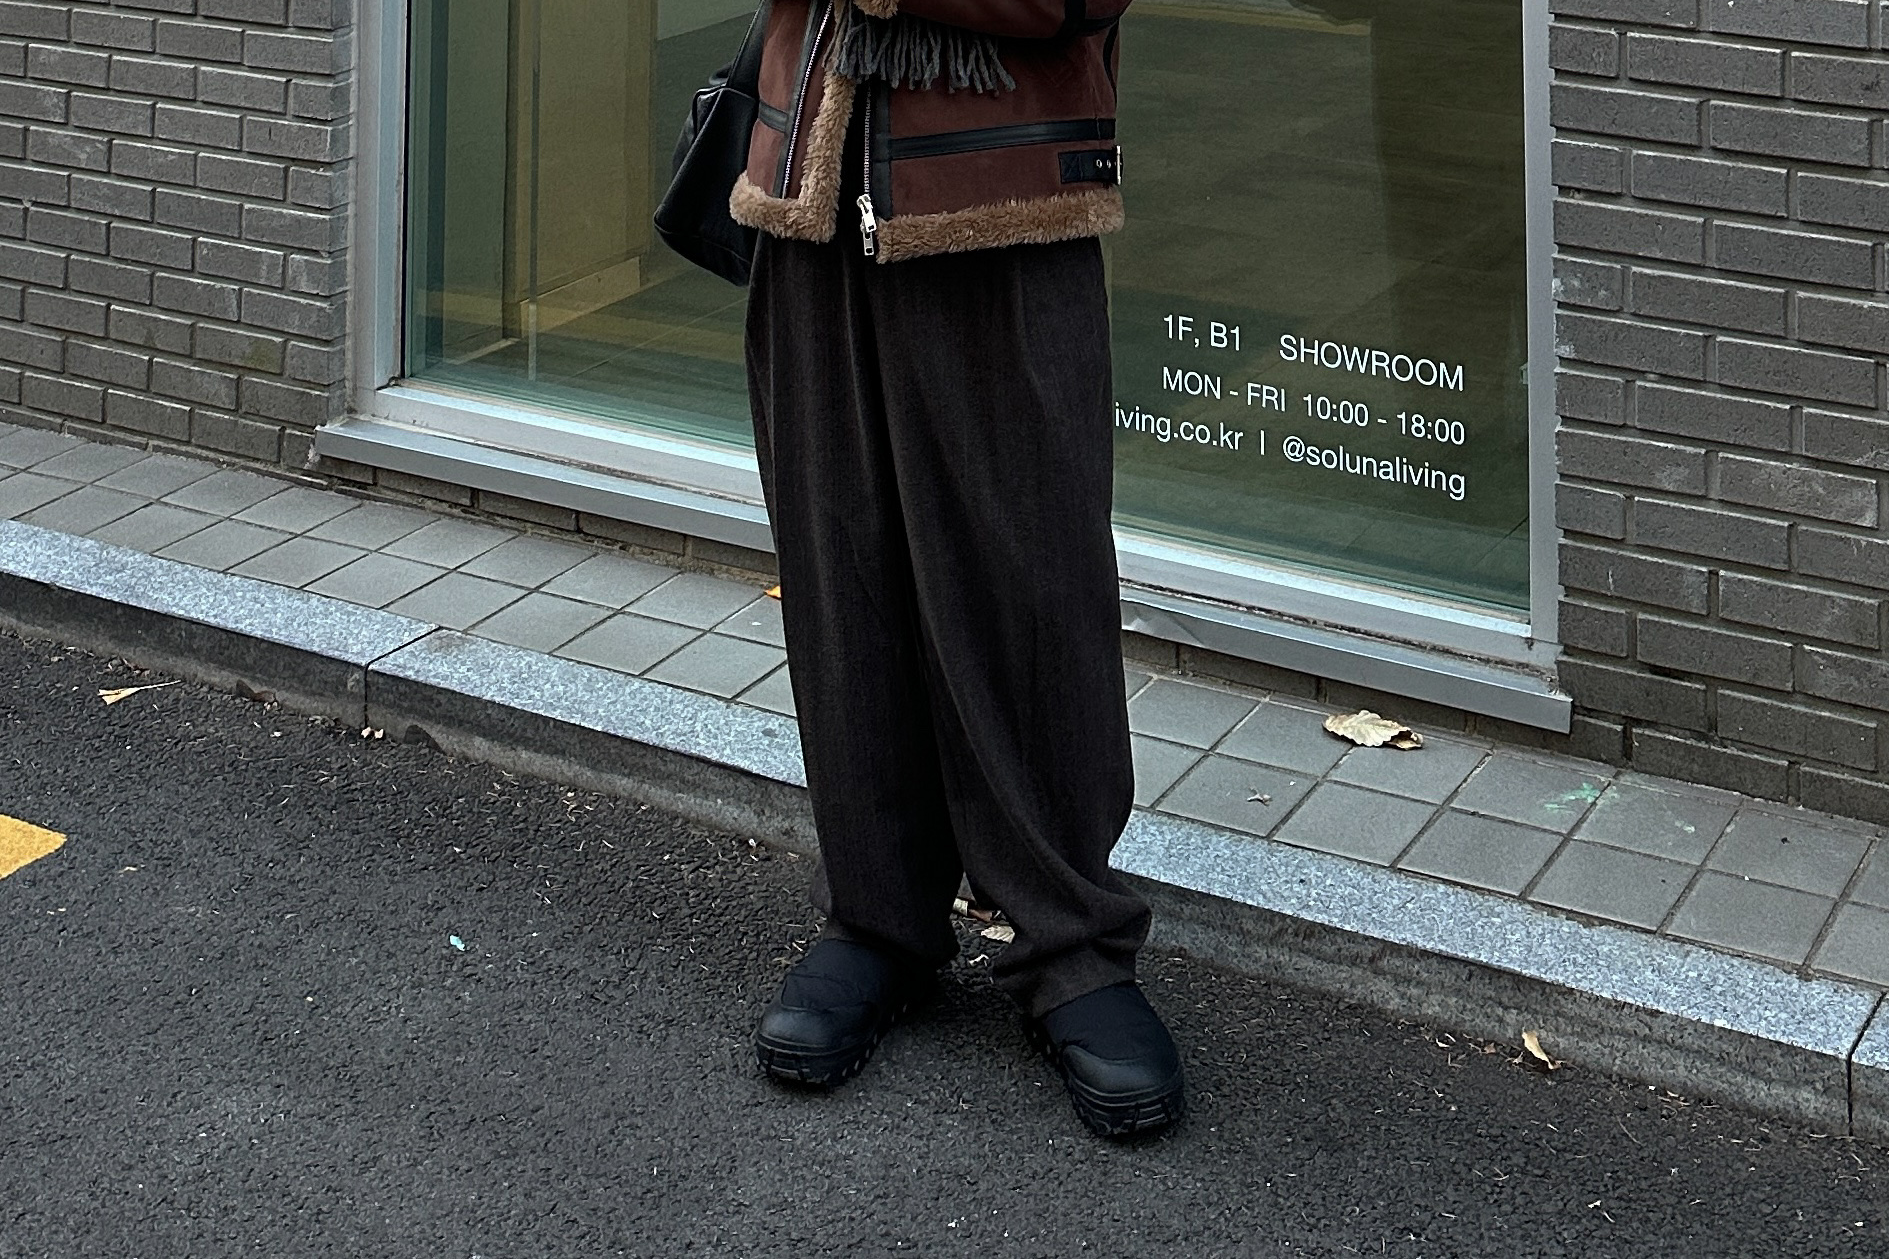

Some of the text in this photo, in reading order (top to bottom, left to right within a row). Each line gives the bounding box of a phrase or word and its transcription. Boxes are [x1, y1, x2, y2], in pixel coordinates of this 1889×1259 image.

[1163, 314, 1464, 392] 1F, B1 SHOWROOM
[1163, 366, 1221, 400] MON
[1247, 382, 1286, 412] FRI
[1302, 393, 1369, 427] 10:00
[1396, 411, 1465, 445] 18:00
[1115, 401, 1244, 451] iving.co.kr
[1282, 435, 1465, 501] @solunaliving

※ ※ ※

• [Description of the task]
Output the data above without changes, apart from leaving out the pictures.

• [Solution below]
Some of the text in this photo, in reading order (top to bottom, left to right within a row). Each line gives the bounding box of a phrase or word and its transcription. Boxes are [x1, y1, x2, y2], in pixel coordinates of this 1889×1259 image.

[1163, 314, 1464, 392] 1F, B1 SHOWROOM
[1163, 366, 1221, 400] MON
[1247, 382, 1286, 412] FRI
[1302, 393, 1369, 427] 10:00
[1396, 411, 1465, 445] 18:00
[1115, 401, 1244, 451] iving.co.kr
[1282, 435, 1465, 501] @solunaliving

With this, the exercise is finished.